I am pointing out that

1) your fix may fix one corner CC packet accounting issue in the
non-SACK and CA_Loss
2) but it does not fix the other (major) CC packet accounting issue in
the SACK case
3) it breaks the dynamic dupthresh / reordering in the non-SACK case
as tcp_check_reno_reordering requires strictly cum. ack.

Therefore I prefer
a) using tp->delivered to fix (1)(2)
b) perhaps improving tp->delivered SACK emulation code in the non-SACK case


> price is that we might underestimate).

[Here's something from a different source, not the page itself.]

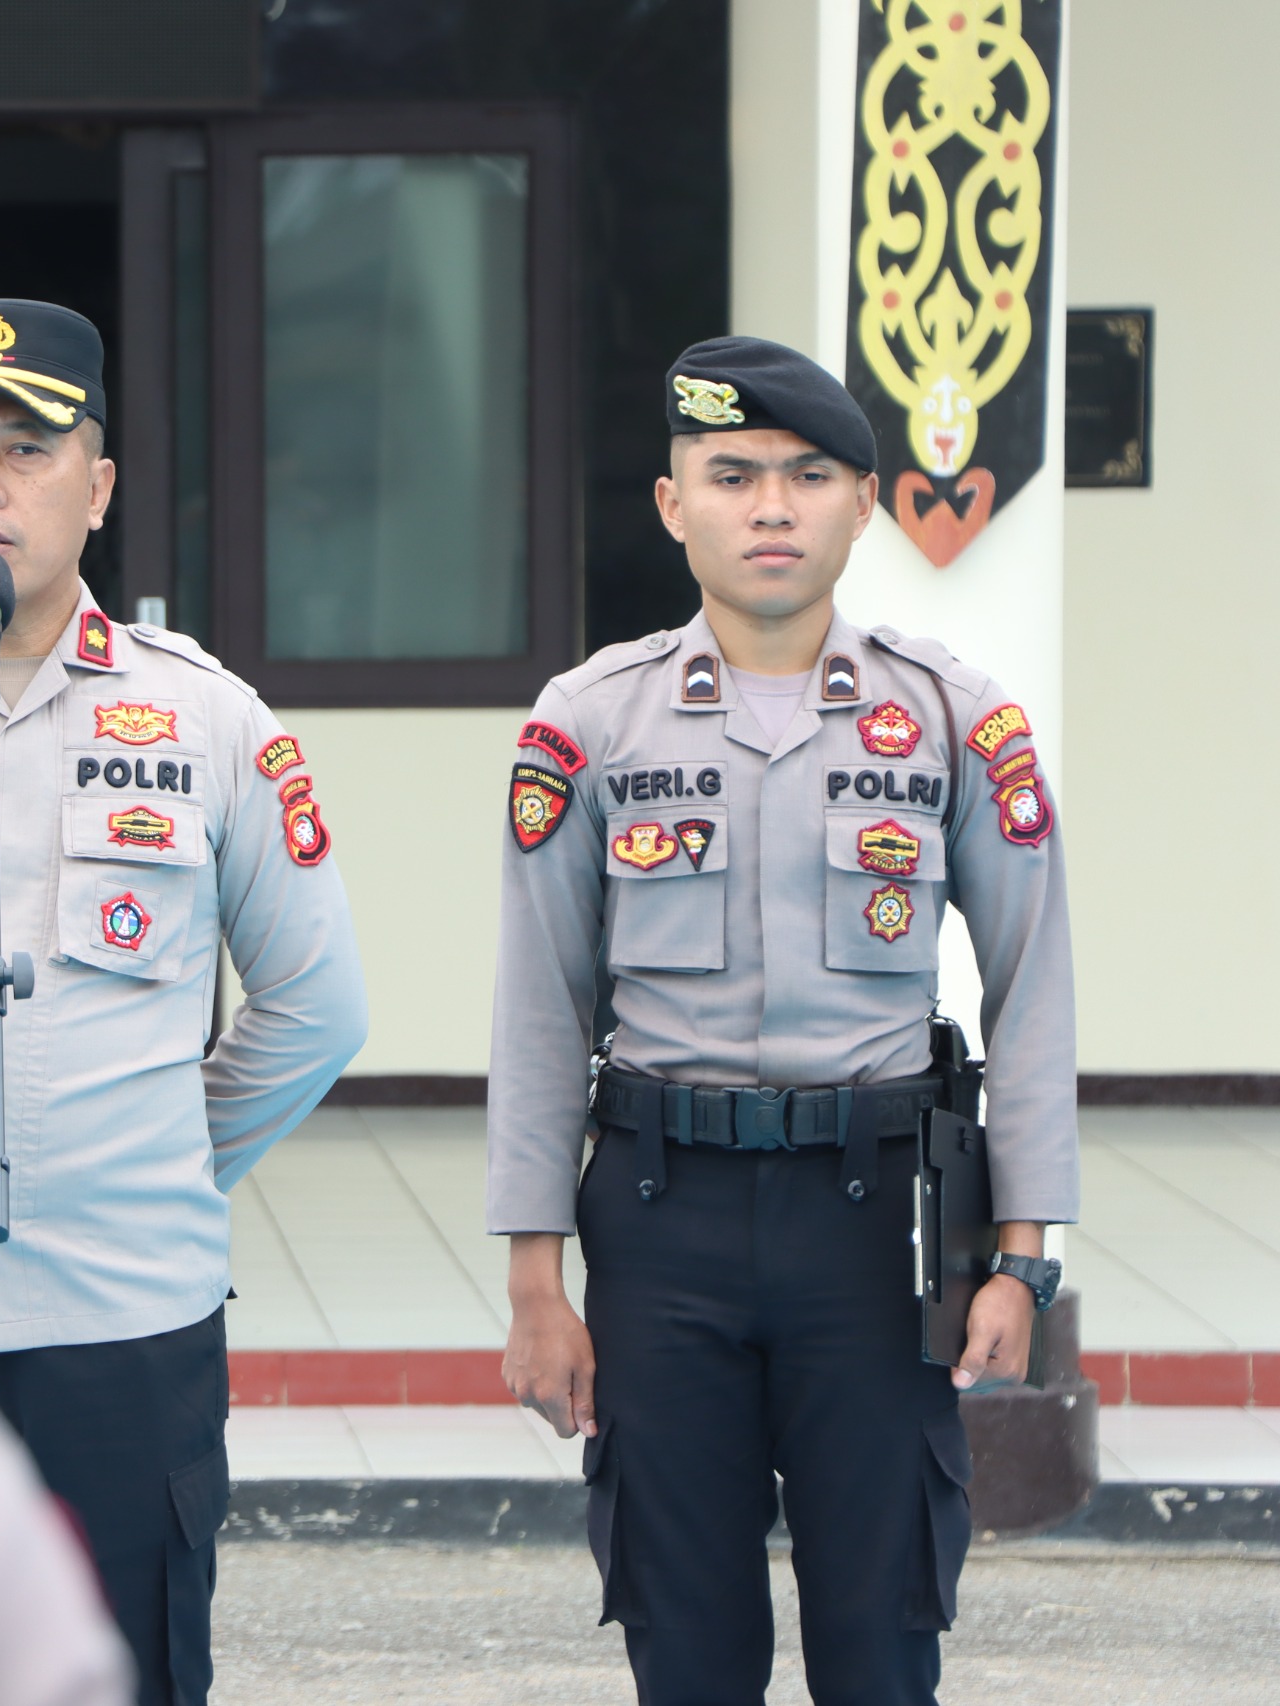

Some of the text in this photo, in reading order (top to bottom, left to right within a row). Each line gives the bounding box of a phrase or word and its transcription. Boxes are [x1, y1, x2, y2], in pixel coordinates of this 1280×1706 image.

[537, 727, 579, 767] SAMAPTA
[77, 757, 191, 794] POLRI
[607, 767, 721, 805] VERI.G
[828, 769, 942, 808] POLRI

For SACK+ACK losses, the similar
> question is: Should those segments that we missed counting into
> tp->delivered during preceeding CA_Recovery (due to losing enough SACKs)
> be added into tp->delivered now during RTO recovery or not (I'm not
> proposing we fix this unless we want to fix the both issues at the same
> time here as its impact with SACK is not that significant)? Is
> tp->delivered supposed to under- or overestimate (in the cases we're not
> sure what/when something happened)? ...If it's overestimating under any
> circumstances (for the current ACK), we cannot base our cc decision on it.
>
> tcp_check_reno_reordering might like to have the cumulatively acked count
> but due to the forementioned discontinuity we anyway cannot accurately
> provide in CA_Loss what tcp_limit_reno_sacked expects (and the
> other CA states are unaffected by this fix). While we could call
> tcp_check_reno_reordering directly from tcp_clean_rtx_queue, it wouldn't
> remove the fundamental discontinuity problem that we have for what
> tcp_limit_reno_sacked assumes about sacked_out. It might actually be so
> that tcp_limit_reno_sacked is just never going to work after we zero
> tp->sacked_out (this would actually be the problem #3) or at least ends
> up underestimating the reordering degree by the amount we cleared from
> sacked_out at RTO?
>
>> 2) current code: pkts_acked can substantially over-estimate the newly
>> delivered pkts in both SACK and non-SACK cases. For example, let's say
>> 99/100 packets are already sacked, and the next ACK acks 100 pkts.
>> pkts_acked == 100 but really only one packet is delivered. It's wrong
>> to inform congestion control that 100 packets have just delivered.
>> AFAICT, the CCs that have pkts_acked callbacks all treat pkts_acked as
>> the newly delivered packets.
>>
>> A better fix for both SACK and non-SACK, seems to be moving
>> ca_ops->pkts_acked into tcp_cong_control, where the "acked_sacked" is
>> calibrated? this is what BBR is currently doing to avoid these pitfalls.
>
> Unfortunately that would not fix the problematic calculation of
> tp->delivered.
>
> But you might be right that there's a problem #2 (it's hard to notice
> for real though as most of the cc modules don't seem to use it for
> anything). However, this is for pkts_acked so are you sure what the
> cc modules exactly expect: the shrinkage in # of outstanding packets or
> the number of newly delivered packets?
>
> Looking (only) quickly into the modules (that use it other than in
> CA_Open):
> - Somewhat suspicious delayed ACK detection logic in cdg
> - HTCP might want shrinkage in # of outstanding packets (but I'm not
> entirely sure) for throughput measurement
> - I guess TCP illinois is broken (assumes it's newly delivered packets)
> but it would not need to use it at all as it just proxies the value in
> a local variable into tcp_illinois_cong_avoid that has the correct acked
> readily available.
>
> There are separate cong_avoid and cong_control callbacks that are more
> obviously oriented for doing cc where as I'd think pkts_acked callback
> seems more oriented to for RTT-sample related operations. Therefore, I'm
> not entirely sure I this is what is wanted for pkts_acked, especially
> given the HTCP example.
>
>
> --
>  i.